それが過ぎると崖にかかった木の梯子段をよじ登る。F君のいっていた「役小角がこれを見たら嘆くだろう・・・・云々」はこれだったのだ。しかし当方“おじさん”としてはこれがなかったら多分引き返さざるを得なかっただろう。信仰が現代化したというか、レクリエーション化したというか、こうやって危険を少なくすることによって、この現代にドライブウェイもつけずに大衆信仰が生き延びていられるのだ と考えたらどだろう、F君。

あえぎながら梯子で急に高度を回復してゆく。振り返ると念仏山がだんだん目の下に沈んでゆき、その後ろから徐々に大日と稲村ヶ岳が顔を出してくる。またその左手に雄大な弥山が姿を見せている。

山上ヶ岳への道すがら振り向いて稲村方面を撮ったパノラマ写真。(画像クリック⇒拡大)右端に洞川がチラリと見える。
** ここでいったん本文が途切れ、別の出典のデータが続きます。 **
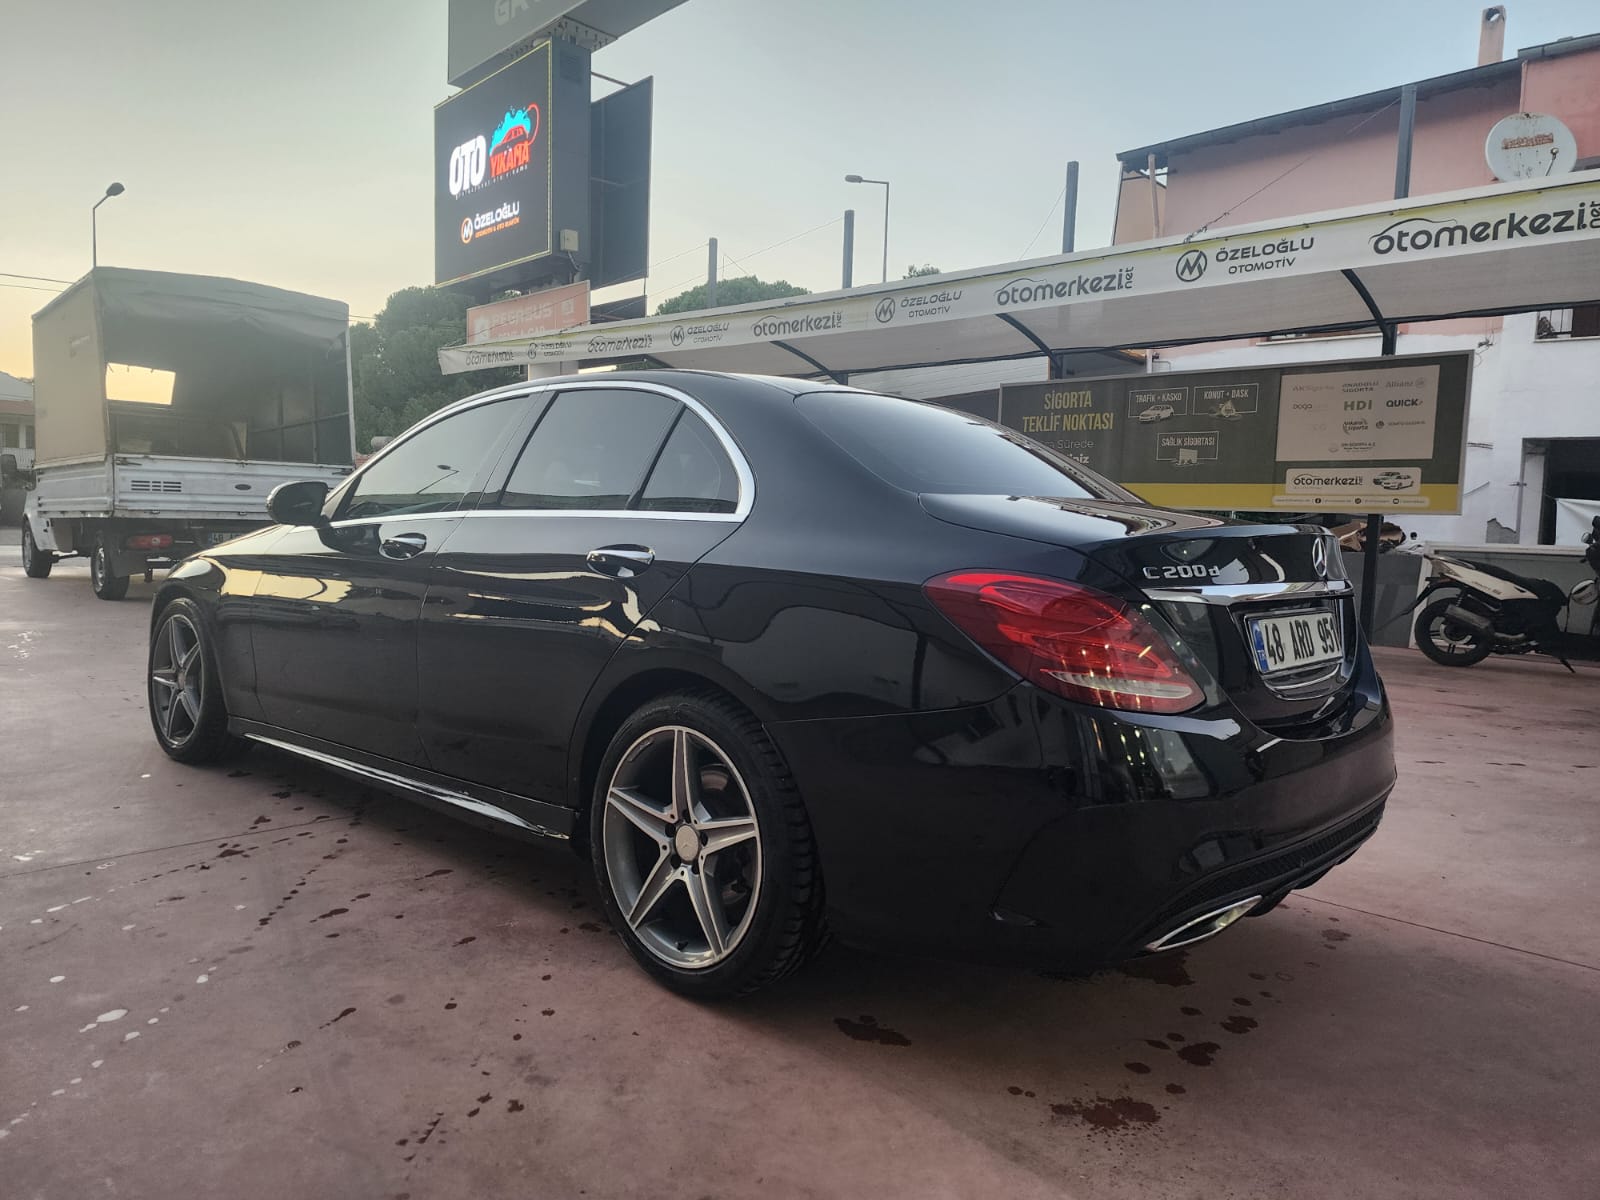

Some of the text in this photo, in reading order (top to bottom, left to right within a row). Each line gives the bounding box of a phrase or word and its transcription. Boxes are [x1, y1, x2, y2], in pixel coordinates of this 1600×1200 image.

(2009年注記)

もう少し、もう少しと自分に言い聞かせる。だが、手はだらしなくも岩や草や梯子の上の段をつかんでへっぴり腰。四つ足時代に大きくタイムスリップしたような錯覚に陥る。全く他人には見せられない、哀れな姿である。軍手はドロドロのビシャビシャ。

7:30。「稲村ヶ岳縦走口」に飛び出す。山上ヶ岳に出たのだ!! すぐ道を右手にとり、お花畑で写真をとる。絶景かな!! 稲村ヶ岳右遥か向うの低山にかかる雲海。そして何度見てもすばらしい大日、稲村ヶ岳。次に弥山、近畿最高峰・八経ヶ岳。更に左へ弁天の森ピーク(1,600m)、行者還岳(1,546m)など奥駆道の秀峰が並ぶ。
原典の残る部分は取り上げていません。